* EXERCISE OBJECTIVE: The task calls for an exact copy of the records, without any images.

* Records from a dataset:
· · · · · · ·
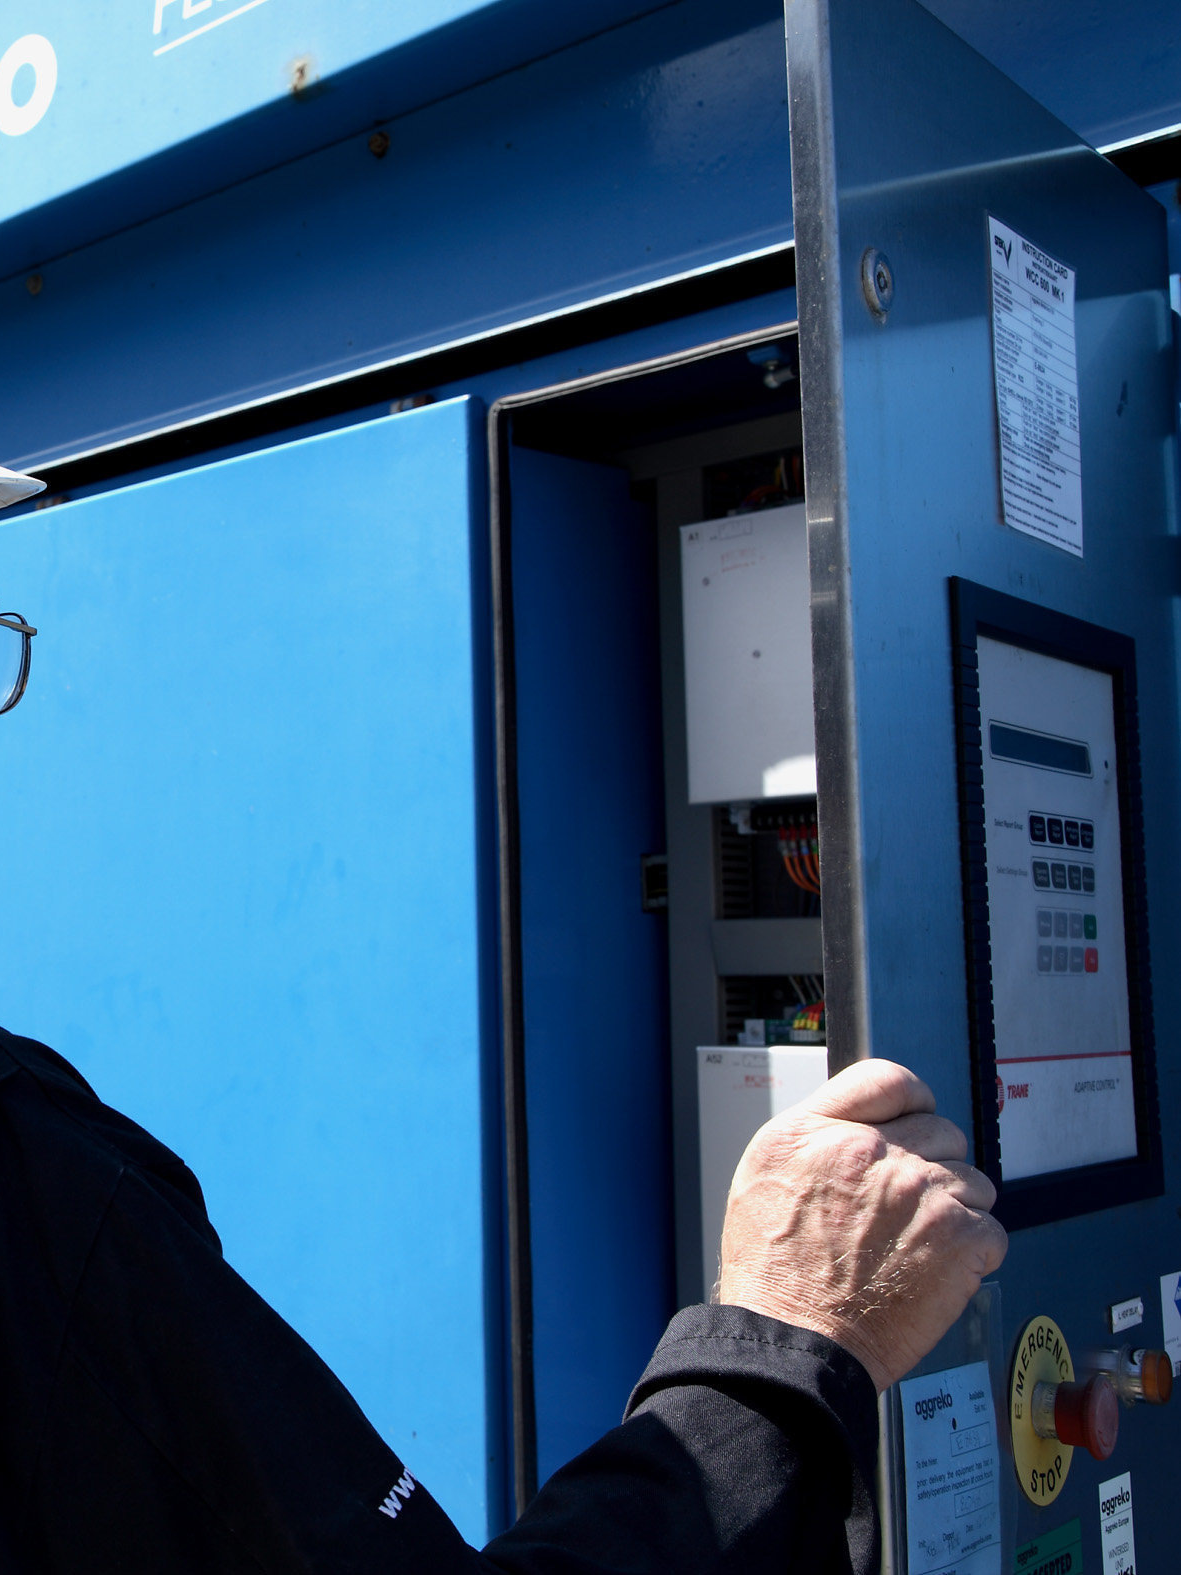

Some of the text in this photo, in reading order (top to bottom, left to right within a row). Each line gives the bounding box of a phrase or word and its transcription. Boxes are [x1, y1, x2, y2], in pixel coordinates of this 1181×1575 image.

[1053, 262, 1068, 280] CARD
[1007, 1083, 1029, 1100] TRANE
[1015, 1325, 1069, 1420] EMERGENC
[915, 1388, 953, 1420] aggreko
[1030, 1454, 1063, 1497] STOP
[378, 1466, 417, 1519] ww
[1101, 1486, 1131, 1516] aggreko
· · · · · · ·
* RESULT OF THIS EXERCISE:
Some of the text in this photo, in reading order (top to bottom, left to right within a row). Each line gives the bounding box of a phrase or word and its transcription. Boxes are [x1, y1, x2, y2], in pixel coordinates of this 1181×1575 image.

[1053, 262, 1068, 280] CARD
[1007, 1083, 1029, 1100] TRANE
[1015, 1325, 1069, 1420] EMERGENC
[915, 1388, 953, 1420] aggreko
[1030, 1454, 1063, 1497] STOP
[378, 1466, 417, 1519] ww
[1101, 1486, 1131, 1516] aggreko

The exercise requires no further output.